They were the first hip-hop act propelled into the mainstream. They were the first rap group to have an album go platinum. They were the first rap group to use the rock/rap hybrid. They are also the group that helped resurrect the career of a once finished Aerosmith.
When looking at Run-D.M.C. it is hard to ignore the classics, “Walk This Way,” “Sucker M.C.’s,” “My Adidas,” “Run’s House” and “Christmas in Hollis” just to name a few. It is also hard to ignore the giant fall the group took before rebounding with their 1993 release “Down With the King.”
The group faced turmoil while recording “Crown Royal.” The album suffered numerous delays while the group was on the verge of breaking up because of D.M.C.’s desire to leave the group. He had lost his voice and was no longer in the condition to rap like he used to. Run was determined to finish this album, but the result is a confusing mess of rock and rap that seems to try too hard to recreate the magic of old, instead of creating something fresh.
The straight-rap tracks are much better than the rest of the album, starting with “Crown Royal,” the only track that features no guest. The beat is excellent, and Run tries his best to keep up with the intensity.
Jagged Edge shows up to grace the chorus of “Let’s Stay Together,” a jam that seems aimed right at the ladies, while Fat Joe adds volumes to “Ay Papi.”

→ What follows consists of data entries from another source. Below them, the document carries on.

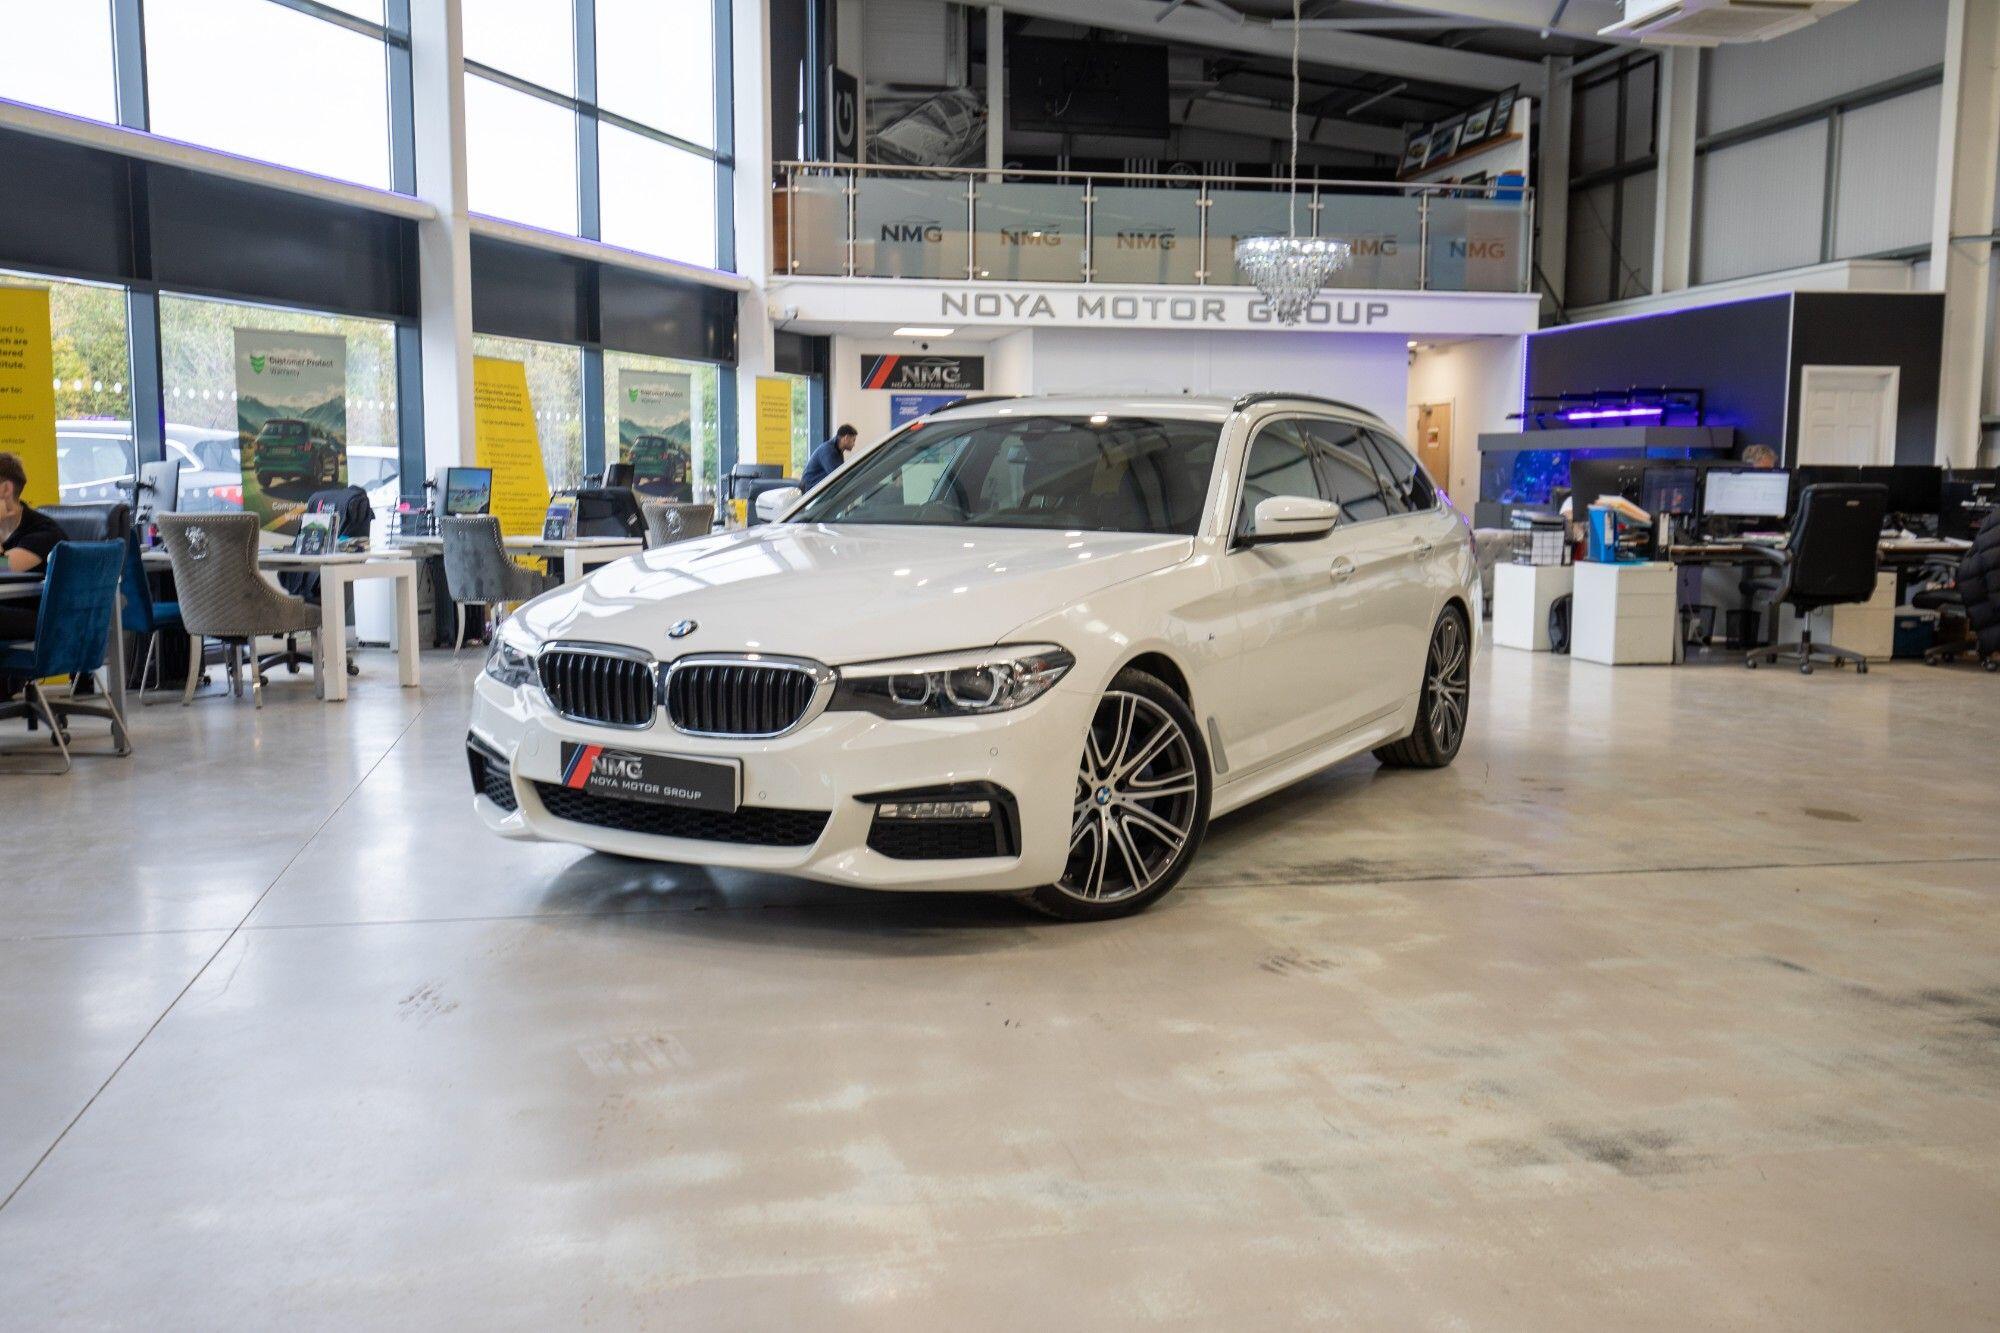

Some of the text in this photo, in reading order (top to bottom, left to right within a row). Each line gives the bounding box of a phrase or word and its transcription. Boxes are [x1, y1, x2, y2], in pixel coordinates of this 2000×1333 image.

[880, 223, 943, 243] NMG
[1000, 227, 1061, 246] NMG
[1116, 231, 1176, 250] NMG
[1450, 241, 1505, 259] NMG
[941, 292, 1389, 325] NOYA MOTOR GOUP
[901, 365, 960, 383] NMG
[590, 755, 643, 780] NMG
[590, 775, 618, 789] NOYA
[622, 780, 660, 795] MOTOR
[663, 785, 701, 800] GROUP

The better rap tracks found here are “It’s Over,” featuring Jermaine Dupri and “Simmons Incorporated,” featuring Method Man. But the best of the bunch is the Nas and Prodigy carried “Queen’s Day.”

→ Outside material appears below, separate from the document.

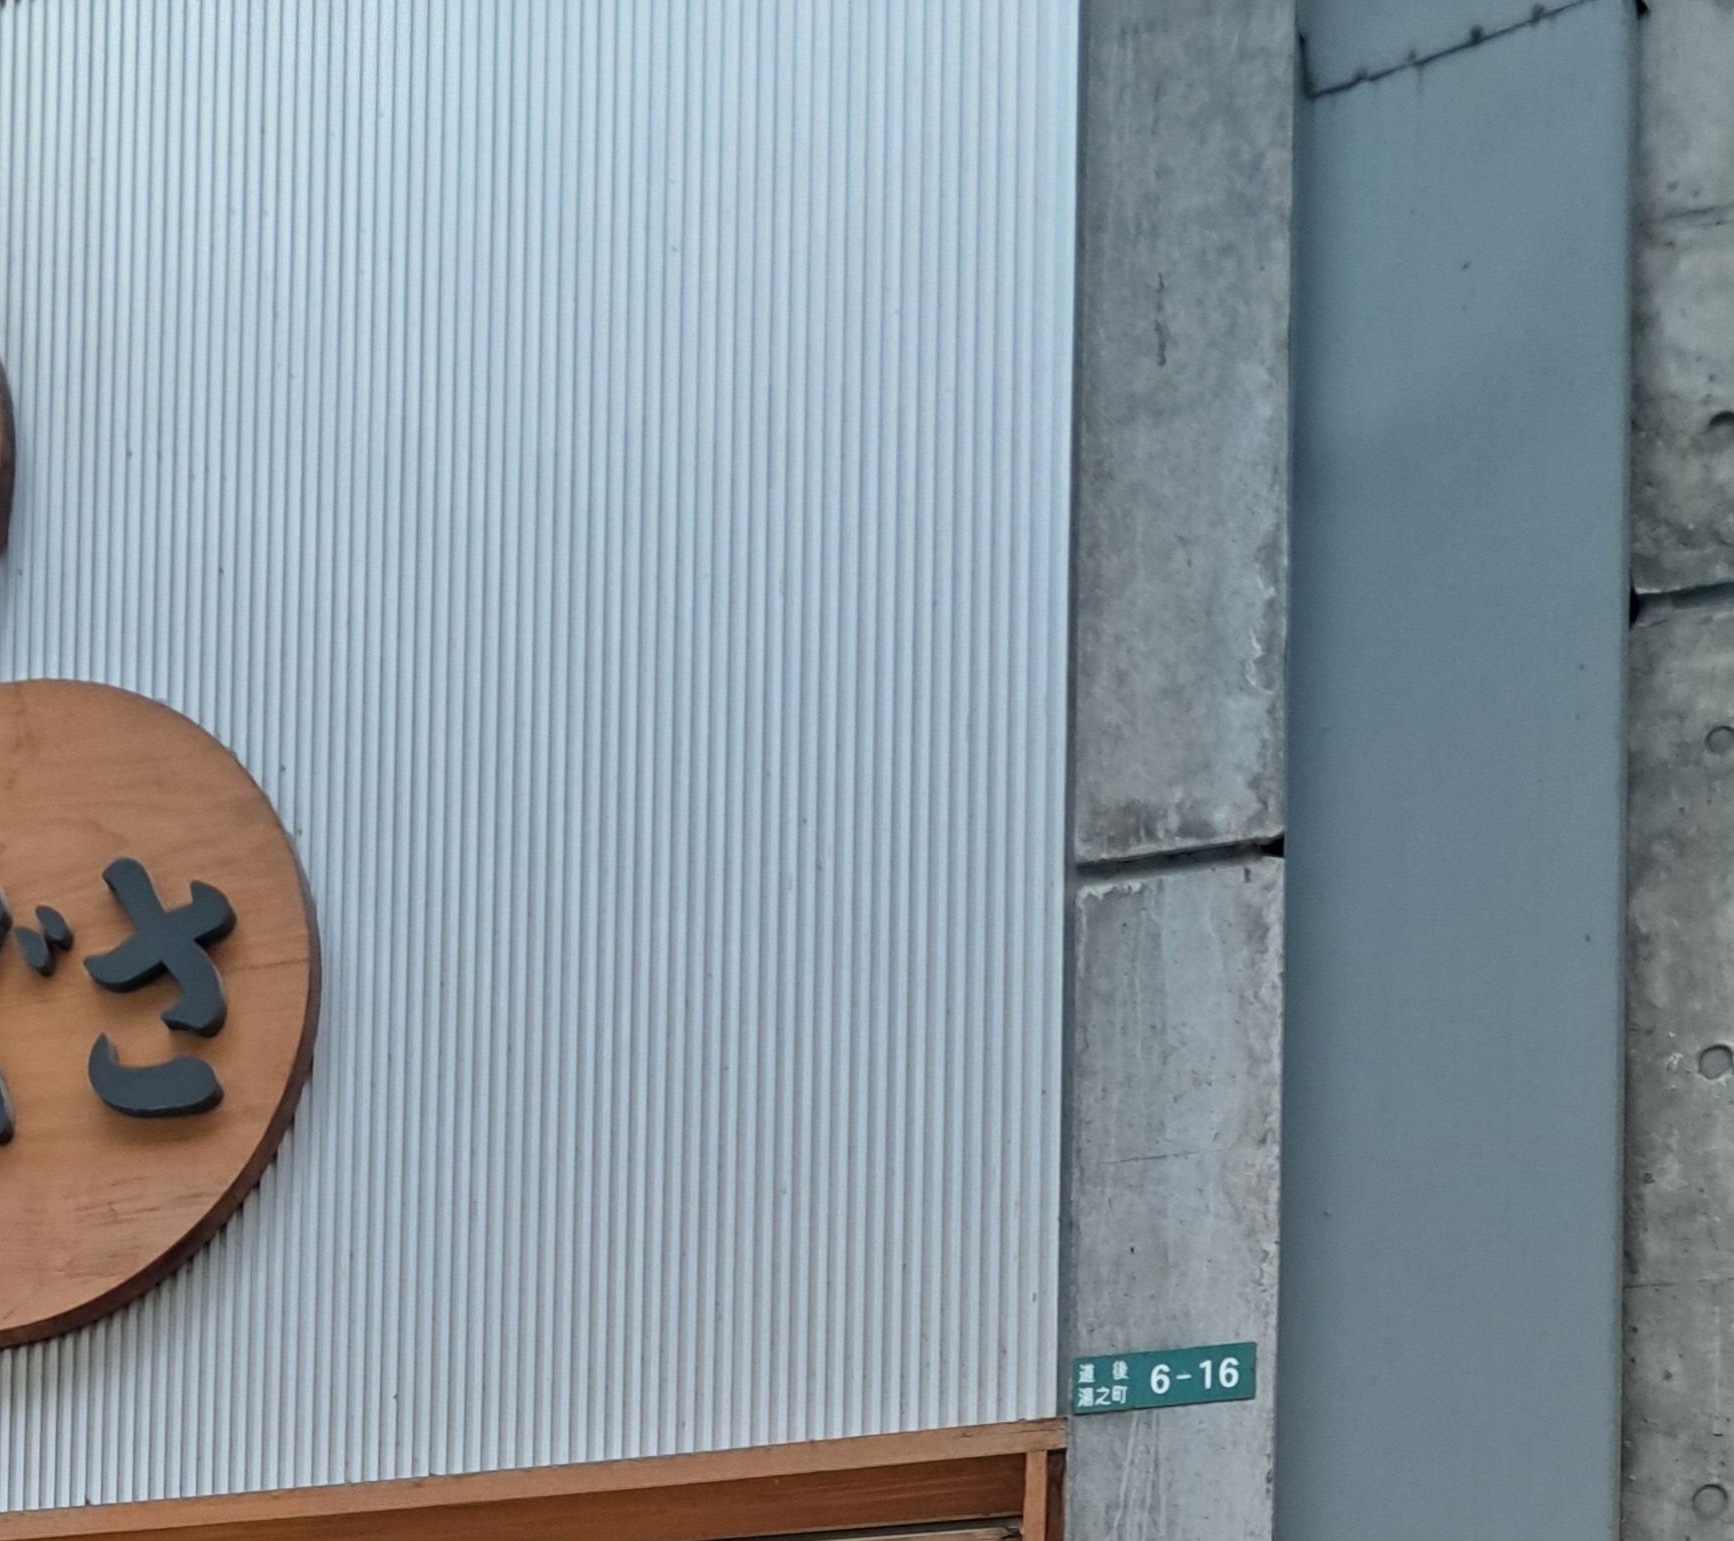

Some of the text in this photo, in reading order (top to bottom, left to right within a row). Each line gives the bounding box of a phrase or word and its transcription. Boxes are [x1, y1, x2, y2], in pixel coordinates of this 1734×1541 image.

[1078, 1360, 1129, 1383] 道後
[1150, 1357, 1240, 1395] 6-16
[1078, 1385, 1129, 1407] 湯之町

The rock mess begins with “Them Girls,” featuring Fred Durst. If Durst’s verses weren’t bad enough, the chorus plummets the track lower than mediocre. The first single, “Rock Show,” featuring Stephan Jenkins, rips off just about every classic rap song. The song opens, “I wanna rock right now, DJ Run and I’m claiming my crown / I be internationally known, even got chrome on the microphone.” How original. “Here We Go 2001,” featuring Sugar Ray, is just as bad. The slowed-down chorus is just too much to take, while Run-D.M.C. downgrades a classic track. “The School of Old,” featuring Kid Rock, is average at best, while the best
track found on the rock end is “Take the Money and Run,” featuring Everlast. Run sounds best over the slower instrumentals, while Everlast’s chorus sounds really good.
Throughout the whole album Jam Master Jay’s production is up-and-down, but his scratching and sample choices are executed well. Run handles the majority of the rhyming, but unfortunately he sounds uninspired most of the time and it seems that it’s time for him to put the mic down.
Run-D.M.C. have earned their crown, now it’s time to put it on the mantle and stop trying to wear it.